FIG. 1(c1)˜(c4) illustrate approximate waveforms of the ripple currents through the input coil L1, the first intermediate coil Lm1, the second intermediate coil Lm2 and the output coil L2 under different coupling conditions between these coils. That is, FIG. 1(c1) illustrates ripple currents through the input coil L1, the first intermediate coil Lm1, the output coil L2 and the second intermediate coil Lm2 in case of no coupling between these coils from left to right in the drawing, respectively. They indicate in this case that all of the ripple currents through these coils L1, Lm1, L2 and Lm2 are large and triangular. FIG. 1(c2) illustrates ripple currents through the respective coils in case of coupling between the input coil L1 and the first intermediate coil Lm1 with coupling factor k11=n11. In this case, although only the ripple current through the input coil L1 is suppressed, all other ripple currents (through the remaining coils Lm1, L2 and Lm2) remain unchanged from those in FIG. 1(c1).

On the other hand, FIG. 1(c3) illustrates ripple currents through the respective coils in case of coupling between the output coil L2 and the second intermediate coil Lm2 with coupling factor k22=n22. In this case, only the ripple current through the output coil L2 is suppressed, while the other ripple currents (through the remaining coils L1, Lm1 and Lm2) remain unchanged from those in FIG. 1(c1). Finally, FIG. 1(c4) illustrates ripple currents through the respective coils in case of coupling between the input coils L1 and the first intermediate coil Lm1 with coupling factor k11=n11 and also coupling between the output coil L2 and the second intermediate coupling Lm2 with coupling factor k22=n22. In this case, both ripple currents through the input coil L1 and the output coil L2 are suppressed, thereby achieving low noise.
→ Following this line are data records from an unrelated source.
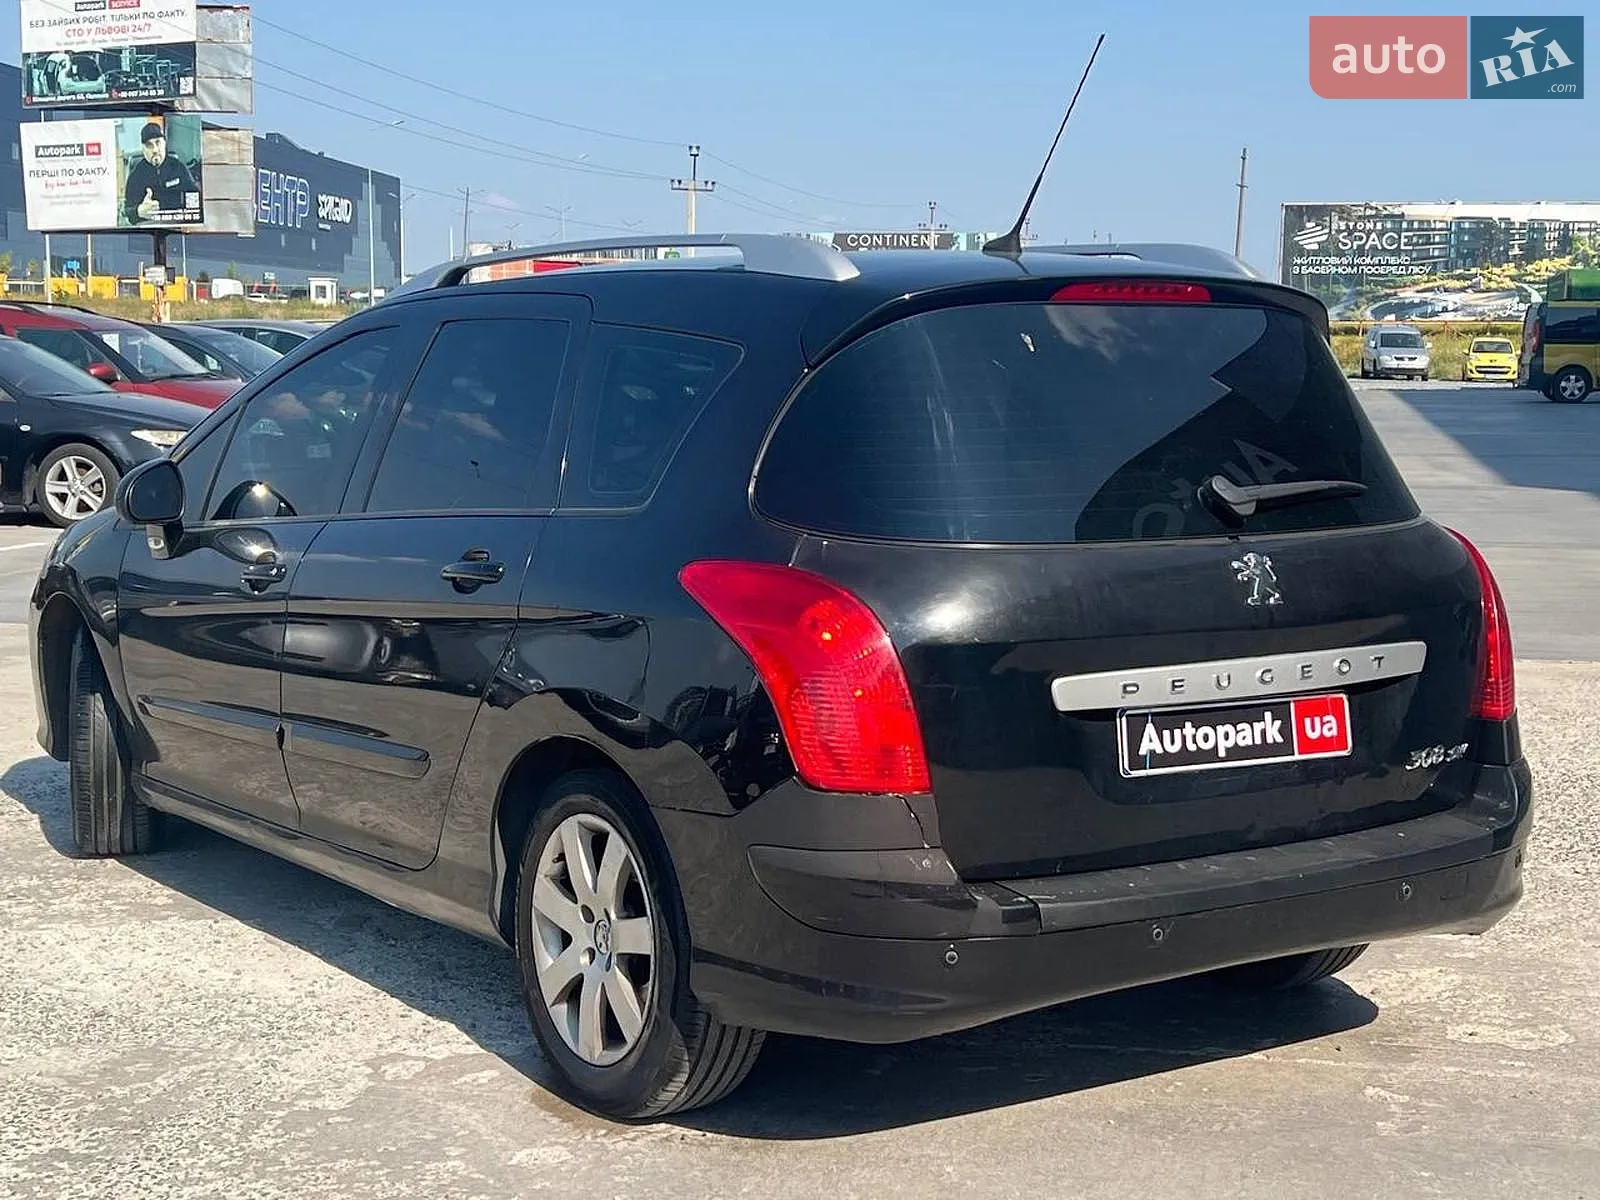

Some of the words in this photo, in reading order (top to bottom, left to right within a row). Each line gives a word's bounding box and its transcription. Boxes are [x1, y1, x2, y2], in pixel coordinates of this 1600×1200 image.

[65, 28, 83, 38] СТО
[131, 23, 152, 33] 24/7
[37, 145, 81, 157] Autopark
[29, 169, 59, 178] ПЕРШІ
[60, 168, 75, 177] ПО
[1338, 232, 1413, 250] SPACE
[1121, 655, 1385, 696] PEUGEOT
[1138, 711, 1284, 757] Autopark
[1304, 713, 1338, 741] ua
Now, a reference is made to FIG. 2 for describing the operation of the DC-DC converter 10 according to the present invention as shown in FIG. 1 more in detail. FIG. 2(a) is the same circuit schematic as shown in FIG. 1(a) showing the construction of the DC-DC converter 10 according to the present invention. FIG. 2(b) shows currents flowing through the respective coils L1, L2, Lm1, Lm2, the capacitors C1, C2 and the load R as well as potentials on the nodes a˜d when the switch S is ON. On the other hand, shown in FIG. 2(c) are currents through the respective coils L1, L2, Lm1, Lm2, the capacitors C1, C2 and the load R as well as potentials on the nodes a˜d when the switch S is OFF.
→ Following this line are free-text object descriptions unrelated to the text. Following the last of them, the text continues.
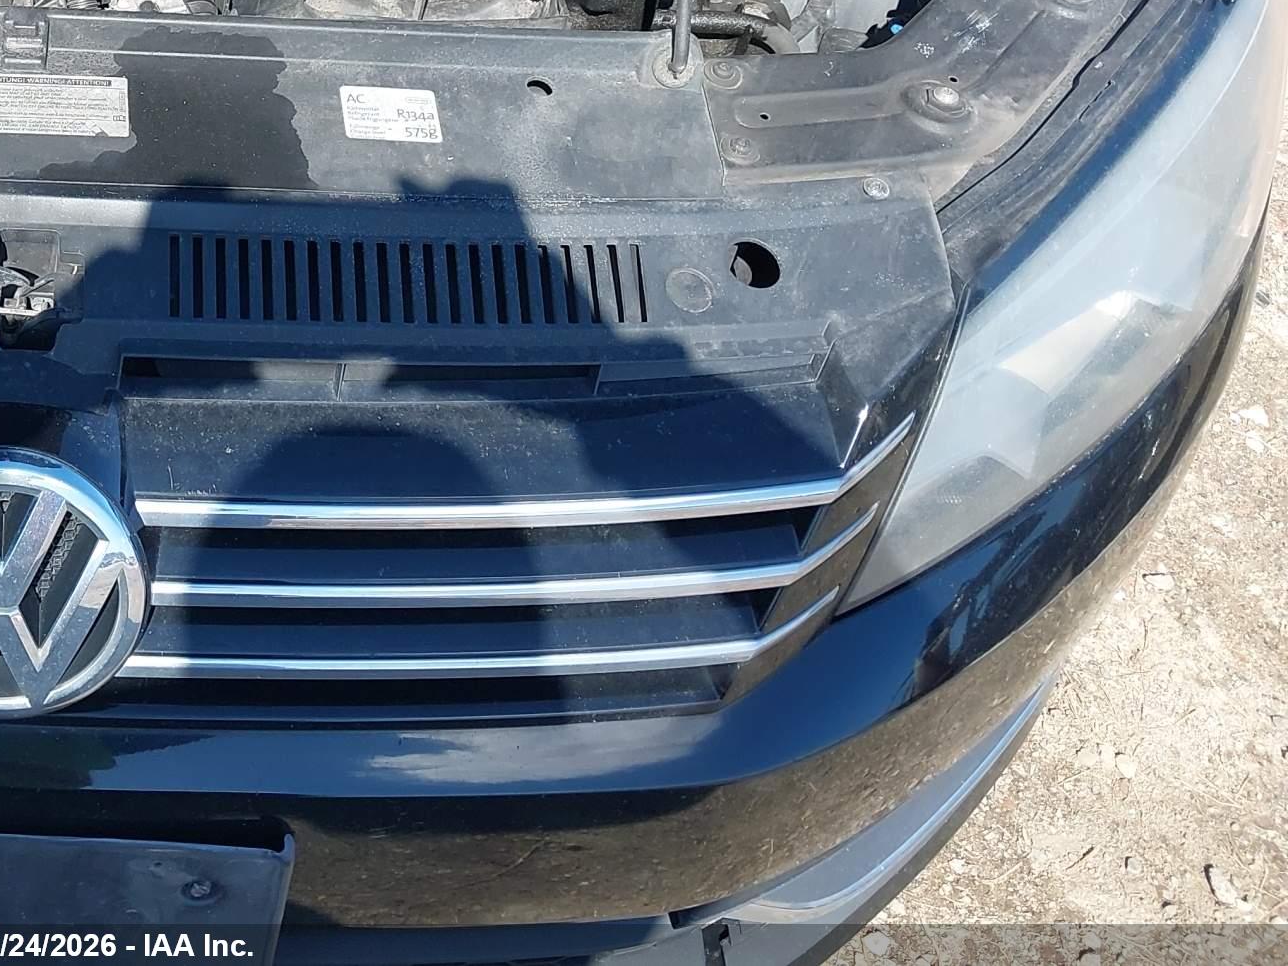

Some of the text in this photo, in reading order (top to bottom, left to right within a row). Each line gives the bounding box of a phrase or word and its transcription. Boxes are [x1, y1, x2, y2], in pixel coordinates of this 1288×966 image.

[27, 77, 65, 85] WARNING!
[66, 79, 110, 87] ATTENTION!
[346, 93, 367, 104] AC
[396, 108, 435, 122] R134a
[404, 127, 439, 140] 575g
Firstly, a description will be made with reference to FIG. 2(b). When the switch S is ON, exciting currents flow through all of the coils L1, L2, Lm1 and Lm2 as indicated by dotted lines in the drawing, thereby providing an output current through the load R from the input voltage source E. The current through the first intermediate capacitor C1 is in the discharging direction during the former half and in the charging direction during the latter half. On the other hand, the current through the second intermediate capacitor C2 is in the discharging direction.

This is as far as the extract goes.